(Problem to solve) Please copy the records exactly as they appear, with all pictures left out.

Text-to-region grounding data:
================

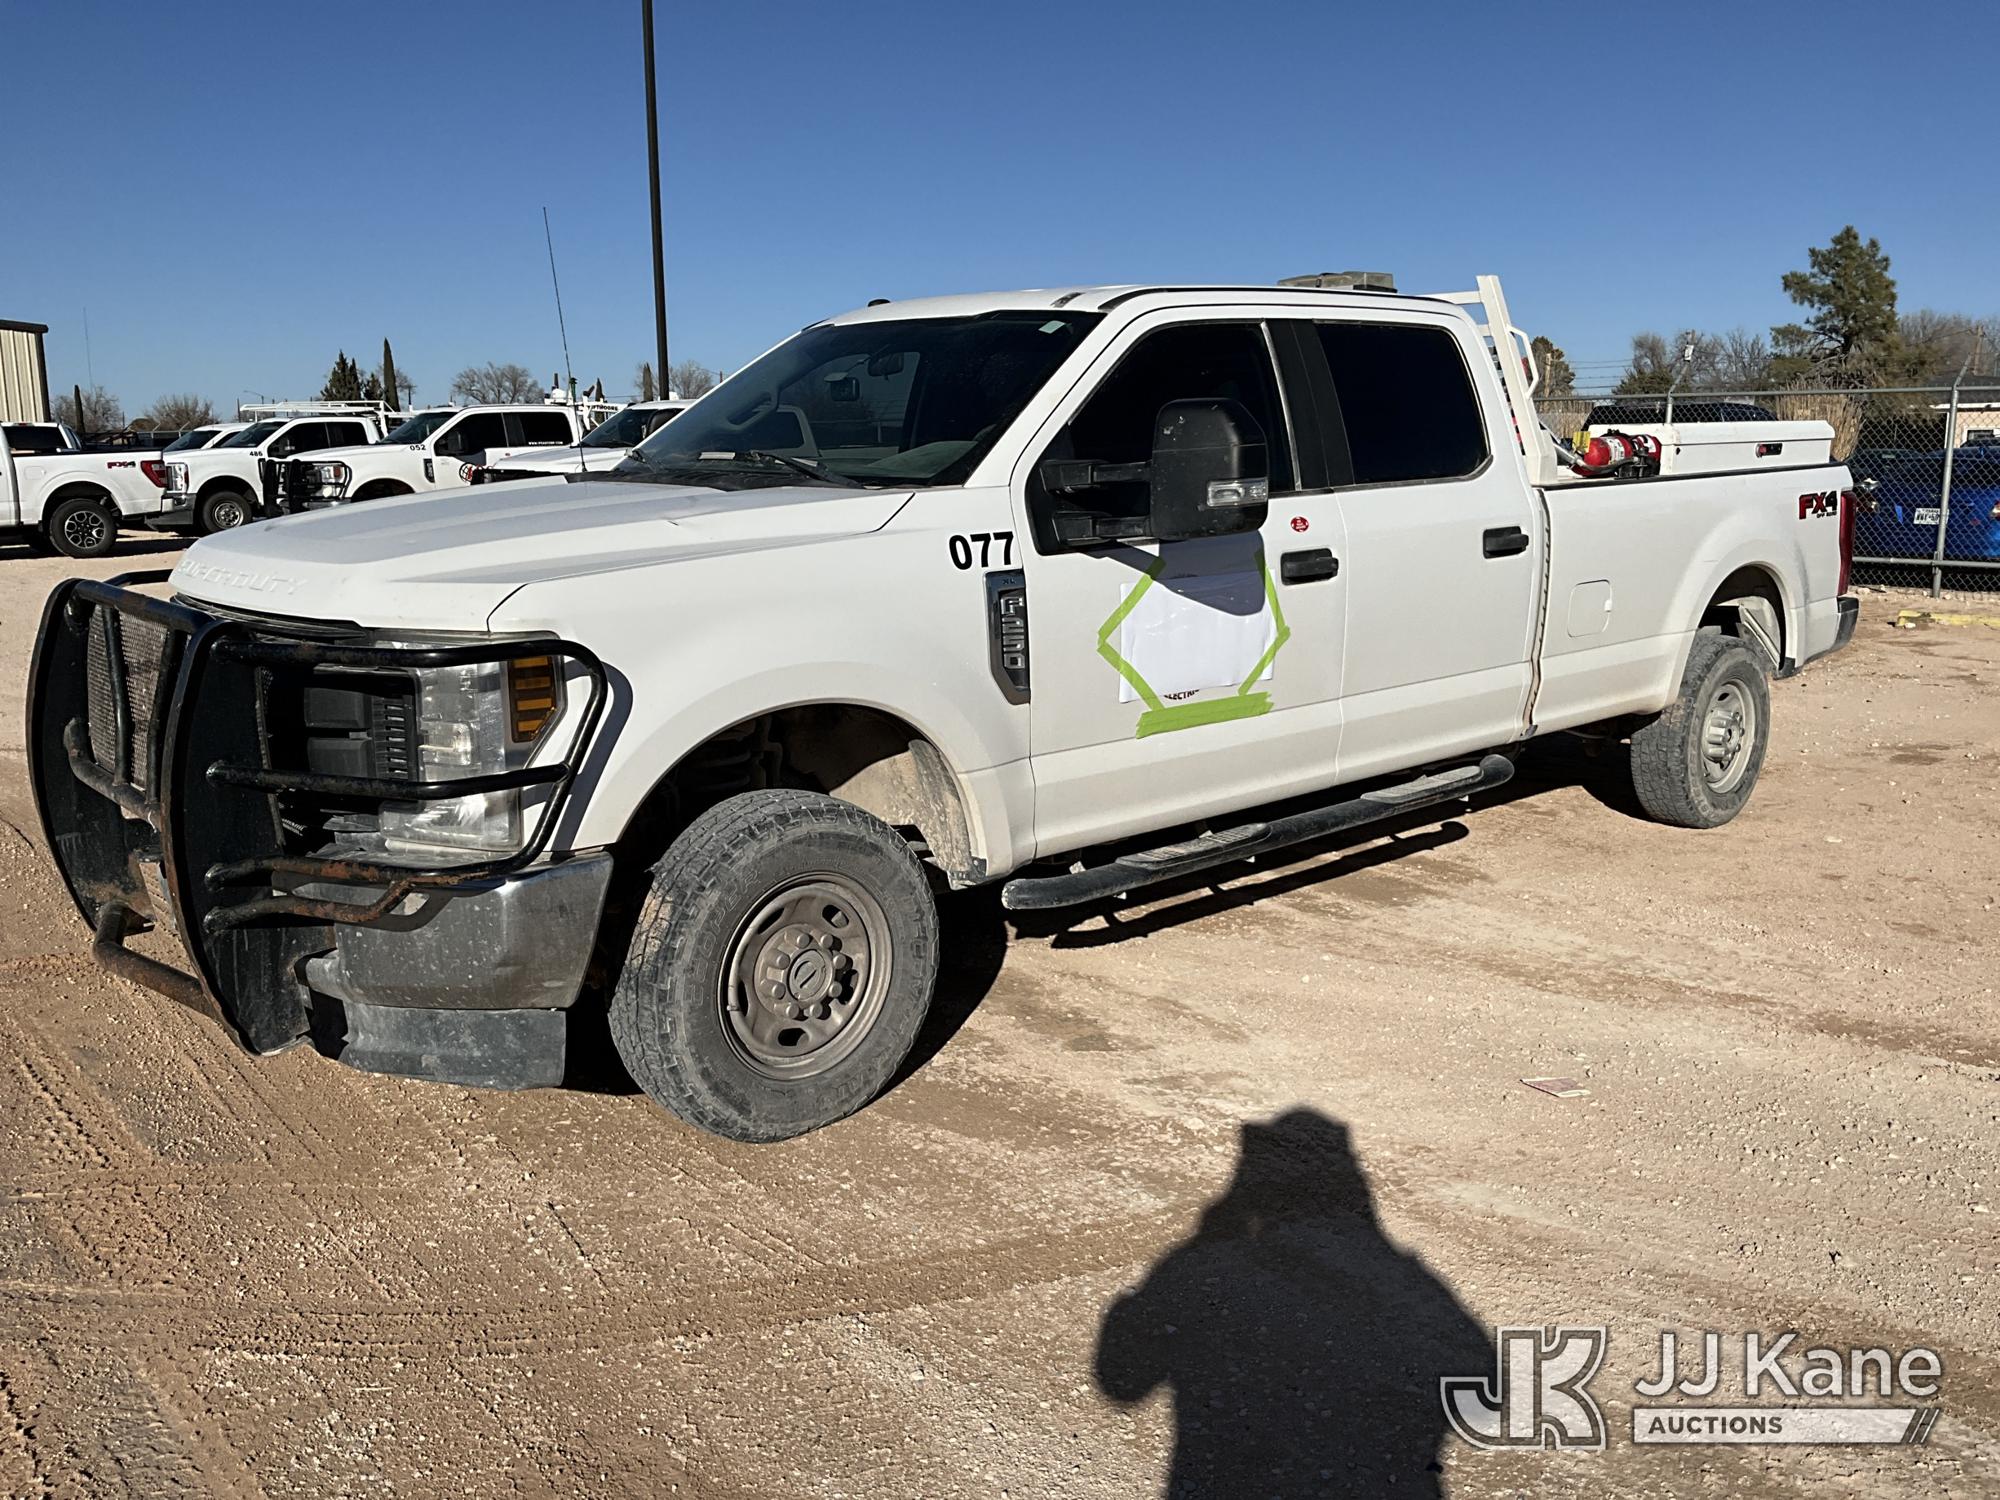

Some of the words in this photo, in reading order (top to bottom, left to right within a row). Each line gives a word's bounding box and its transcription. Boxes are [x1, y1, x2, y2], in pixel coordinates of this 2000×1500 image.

[107, 461, 136, 469] FX4
[1799, 490, 1838, 520] FX4
[949, 531, 1014, 570] 077
[231, 570, 308, 595] DUTY
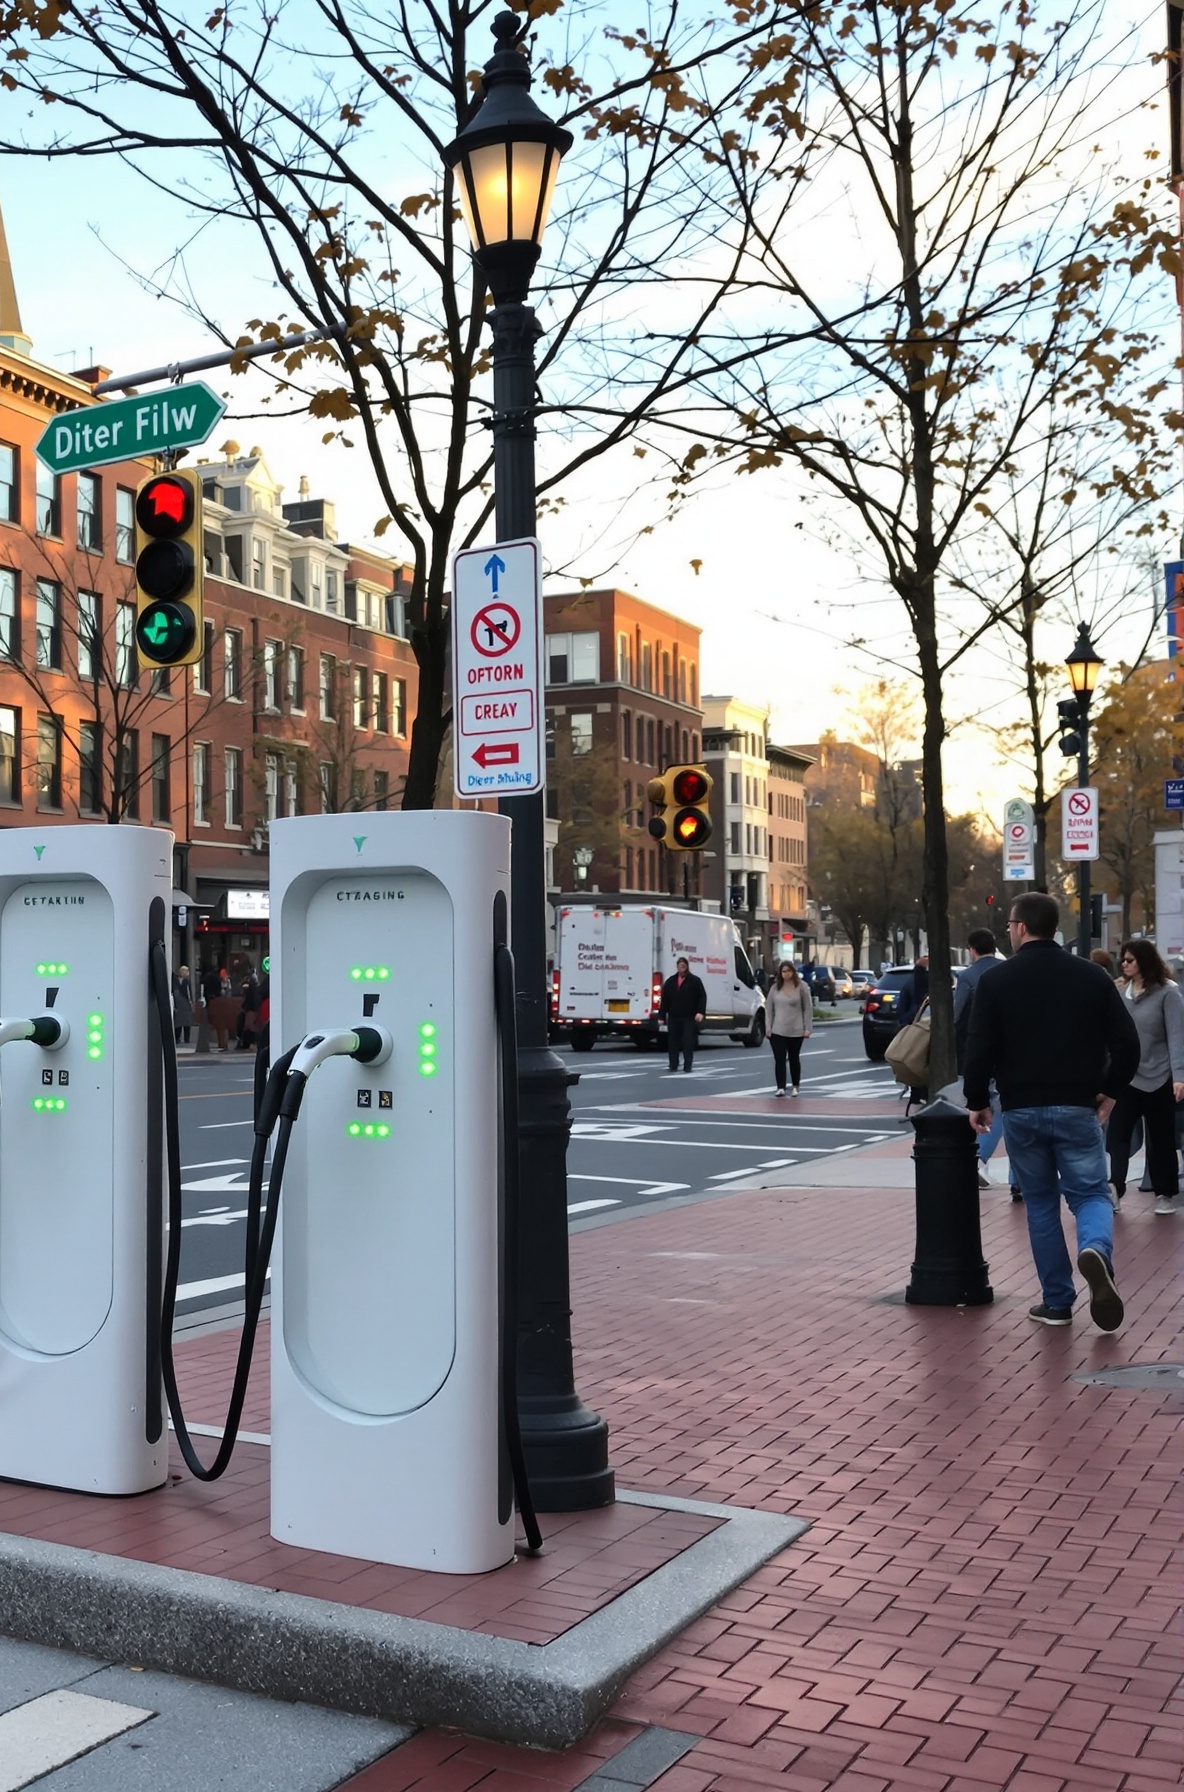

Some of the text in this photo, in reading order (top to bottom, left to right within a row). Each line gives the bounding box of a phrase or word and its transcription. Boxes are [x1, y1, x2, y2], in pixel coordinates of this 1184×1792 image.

[55, 402, 197, 460] Diter Filw
[467, 663, 523, 684] OFTORN

================

(Exercise response)
Some of the words in this photo, in reading order (top to bottom, left to right within a row). Each line gives a word's bounding box and its transcription. Boxes are [x1, y1, x2, y2], in pixel coordinates of this 2000×1500 image.

[107, 461, 136, 469] FX4
[1799, 490, 1838, 520] FX4
[949, 531, 1014, 570] 077
[231, 570, 308, 595] DUTY

Some of the text in this photo, in reading order (top to bottom, left to right within a row). Each line gives the bounding box of a phrase or word and its transcription. Boxes are [x1, y1, x2, y2], in pixel coordinates of this 1184×1792 image.

[55, 402, 197, 460] Diter Filw
[467, 663, 523, 684] OFTORN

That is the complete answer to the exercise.